First up is Toby, a young green sea turtle found outside Whangarei in July 2018. Despite his small size, Toby is packed full of attitude and spends most of his time scratching his back against his favourite rock in his Turtle Rescue display.
Second is Jaxon the loggerhead turtle who has been stealing the hearts of the team since his arrival in an ice-cream container in October 2017. Jaxon was found stranded at 90 Mile Beach with a severe lung infection. Following several weeks of treatment, Jaxon regained his attitude and size, growing from 1.89 kilograms to a healthy 7.32 kilograms.
Lucky last is Connie the green sea turtle who has been with SEA LIFE Kelly Tarlton’s since December 2018. Although her stay has been short but sweet, Connie has overcome her severe digestion and oedema issues in leaps and bounds. Connie’s intelligence, grace and friendly nature has captured the hearts of the turtle team since her arrival.
During their time in SEA LIFE Kelly Tarlton’s Turtle Rescue Centre, the trio has been serving as ambassadors for the marine species, educating the public on the plight of their wild counterparts through daily turtle education talks. SEA LIFE Kelly Tarlton’s Aquarist, Alyssa Berimballi, said it is always rewarding to see journeys like these come to a positive end, particularly after many months of rehabilitation.
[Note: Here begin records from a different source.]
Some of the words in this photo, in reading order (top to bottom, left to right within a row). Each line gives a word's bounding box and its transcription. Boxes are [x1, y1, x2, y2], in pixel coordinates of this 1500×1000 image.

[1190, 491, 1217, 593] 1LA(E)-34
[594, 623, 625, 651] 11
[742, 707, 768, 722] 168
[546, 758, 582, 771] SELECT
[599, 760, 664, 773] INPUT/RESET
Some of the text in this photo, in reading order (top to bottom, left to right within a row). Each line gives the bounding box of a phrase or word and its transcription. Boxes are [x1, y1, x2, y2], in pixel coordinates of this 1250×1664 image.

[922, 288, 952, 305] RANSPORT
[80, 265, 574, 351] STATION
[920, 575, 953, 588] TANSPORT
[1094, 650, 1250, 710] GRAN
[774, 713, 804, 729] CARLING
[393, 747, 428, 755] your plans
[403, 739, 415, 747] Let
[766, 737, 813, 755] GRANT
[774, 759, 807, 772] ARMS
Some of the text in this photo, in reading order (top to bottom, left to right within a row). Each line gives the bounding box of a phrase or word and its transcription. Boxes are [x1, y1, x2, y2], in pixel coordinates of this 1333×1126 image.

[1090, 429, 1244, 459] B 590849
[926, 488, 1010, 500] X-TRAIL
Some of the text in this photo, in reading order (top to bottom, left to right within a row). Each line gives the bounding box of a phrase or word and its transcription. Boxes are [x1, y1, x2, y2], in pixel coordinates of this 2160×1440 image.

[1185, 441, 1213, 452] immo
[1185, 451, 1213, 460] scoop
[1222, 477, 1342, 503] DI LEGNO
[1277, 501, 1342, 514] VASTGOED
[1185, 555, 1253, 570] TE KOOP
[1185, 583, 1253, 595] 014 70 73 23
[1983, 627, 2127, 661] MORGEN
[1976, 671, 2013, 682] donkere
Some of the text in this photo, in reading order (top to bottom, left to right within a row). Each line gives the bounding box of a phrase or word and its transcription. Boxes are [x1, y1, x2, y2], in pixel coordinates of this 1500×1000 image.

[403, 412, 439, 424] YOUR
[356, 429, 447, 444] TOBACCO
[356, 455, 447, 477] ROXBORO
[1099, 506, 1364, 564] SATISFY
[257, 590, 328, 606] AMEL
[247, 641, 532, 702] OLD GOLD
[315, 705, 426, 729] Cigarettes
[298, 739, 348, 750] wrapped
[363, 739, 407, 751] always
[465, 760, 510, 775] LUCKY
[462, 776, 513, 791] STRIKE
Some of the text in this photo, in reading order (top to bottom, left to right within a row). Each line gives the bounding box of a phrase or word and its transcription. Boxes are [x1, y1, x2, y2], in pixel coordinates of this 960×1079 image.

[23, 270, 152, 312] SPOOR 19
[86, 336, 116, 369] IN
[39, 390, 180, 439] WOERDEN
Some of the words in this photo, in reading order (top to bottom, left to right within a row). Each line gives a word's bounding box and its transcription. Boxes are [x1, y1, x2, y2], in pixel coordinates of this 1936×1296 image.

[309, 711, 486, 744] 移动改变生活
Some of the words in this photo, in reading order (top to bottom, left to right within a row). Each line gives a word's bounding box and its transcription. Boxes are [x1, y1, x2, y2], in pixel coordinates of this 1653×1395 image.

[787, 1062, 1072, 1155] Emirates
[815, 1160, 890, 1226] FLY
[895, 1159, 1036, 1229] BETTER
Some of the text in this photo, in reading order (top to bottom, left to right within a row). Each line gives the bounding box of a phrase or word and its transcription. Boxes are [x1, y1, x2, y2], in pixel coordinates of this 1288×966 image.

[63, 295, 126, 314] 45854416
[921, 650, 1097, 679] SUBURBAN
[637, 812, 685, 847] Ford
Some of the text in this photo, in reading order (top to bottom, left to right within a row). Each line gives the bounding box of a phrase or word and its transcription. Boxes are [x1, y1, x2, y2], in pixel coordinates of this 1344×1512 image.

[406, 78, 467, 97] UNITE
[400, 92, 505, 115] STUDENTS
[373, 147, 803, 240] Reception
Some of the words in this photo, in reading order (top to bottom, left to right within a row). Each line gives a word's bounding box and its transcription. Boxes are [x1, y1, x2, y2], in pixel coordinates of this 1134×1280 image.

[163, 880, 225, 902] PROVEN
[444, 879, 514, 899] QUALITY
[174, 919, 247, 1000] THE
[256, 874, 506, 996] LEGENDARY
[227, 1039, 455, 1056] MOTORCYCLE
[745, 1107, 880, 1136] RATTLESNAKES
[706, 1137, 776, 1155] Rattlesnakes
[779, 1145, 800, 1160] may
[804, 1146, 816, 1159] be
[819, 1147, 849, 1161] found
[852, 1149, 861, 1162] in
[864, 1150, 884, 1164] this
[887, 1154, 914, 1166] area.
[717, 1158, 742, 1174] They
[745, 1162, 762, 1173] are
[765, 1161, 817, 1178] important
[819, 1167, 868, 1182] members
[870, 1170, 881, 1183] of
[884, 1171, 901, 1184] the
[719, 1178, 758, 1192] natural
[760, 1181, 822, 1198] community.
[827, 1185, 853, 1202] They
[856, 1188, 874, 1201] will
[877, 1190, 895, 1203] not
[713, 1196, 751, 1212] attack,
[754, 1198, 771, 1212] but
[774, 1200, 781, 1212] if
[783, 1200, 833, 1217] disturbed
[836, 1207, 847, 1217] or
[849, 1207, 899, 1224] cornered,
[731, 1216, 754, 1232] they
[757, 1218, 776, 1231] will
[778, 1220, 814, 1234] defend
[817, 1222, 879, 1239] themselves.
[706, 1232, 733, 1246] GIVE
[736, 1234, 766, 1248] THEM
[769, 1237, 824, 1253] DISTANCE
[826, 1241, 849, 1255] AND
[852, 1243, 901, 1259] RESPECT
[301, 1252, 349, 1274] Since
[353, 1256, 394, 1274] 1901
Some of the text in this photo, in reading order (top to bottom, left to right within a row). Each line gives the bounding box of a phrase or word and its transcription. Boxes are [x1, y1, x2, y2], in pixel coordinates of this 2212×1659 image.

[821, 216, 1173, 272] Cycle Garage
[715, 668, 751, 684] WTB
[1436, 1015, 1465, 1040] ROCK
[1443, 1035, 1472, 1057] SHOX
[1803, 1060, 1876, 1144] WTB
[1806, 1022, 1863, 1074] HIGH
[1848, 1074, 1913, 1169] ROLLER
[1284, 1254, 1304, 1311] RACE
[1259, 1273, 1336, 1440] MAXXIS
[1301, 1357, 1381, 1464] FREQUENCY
“Watching Toby, Connie and Jaxon swim into the distance was a huge relief for the team who have worked tirelessly nursing them back to health. Although we are sad to see them go, we are sure they will live full, happy lives with their new found health,” said Ms Berimballi.
“Despite today’s positive outcome, not all turtles are as lucky. Turtles face a number of threats in the wild including boat strikes and accidental plastic ingestion or entanglement. At SEA LIFE Kelly Tarlton’s we aim to educate the public on the threats turtles face and encourage behavioural change by choosing to reuse and being mindful of plastic pollution.”
For the past 21 years, SEA LIFE Kelly Tarlton’s Turtle Rehabilitation centre has rehabilitated and released more than 52 turtles and is New Zealand’s only turtle rehabilitation centre. The attraction is also a member of an experienced and dedicated industry team - The Turtle Rescue Team - that works with these amazing creatures. The Turtle Rescue Team is made up of SEA LIFE Kelly Tarlton’s, SEA LIFE Trust, Auckland Zoo and the Department of Conservation with a special mention to Air New Zealand.
Of the seven marine turtle species, five are found in New Zealand waters and all of them are either endangered or critically endangered. Experiences like Kelly Tarlton’s Turtle Rescue display help educate the broader public on how their behaviour in and around the water can impact local marine life.
Turtle Rescue and the Turtle Rehabilitation centre also aim to educate Kiwis and tourists alike on the important story around what type of turtles inhabit our coastlines, why and how they got here and where the turtles go once they are released.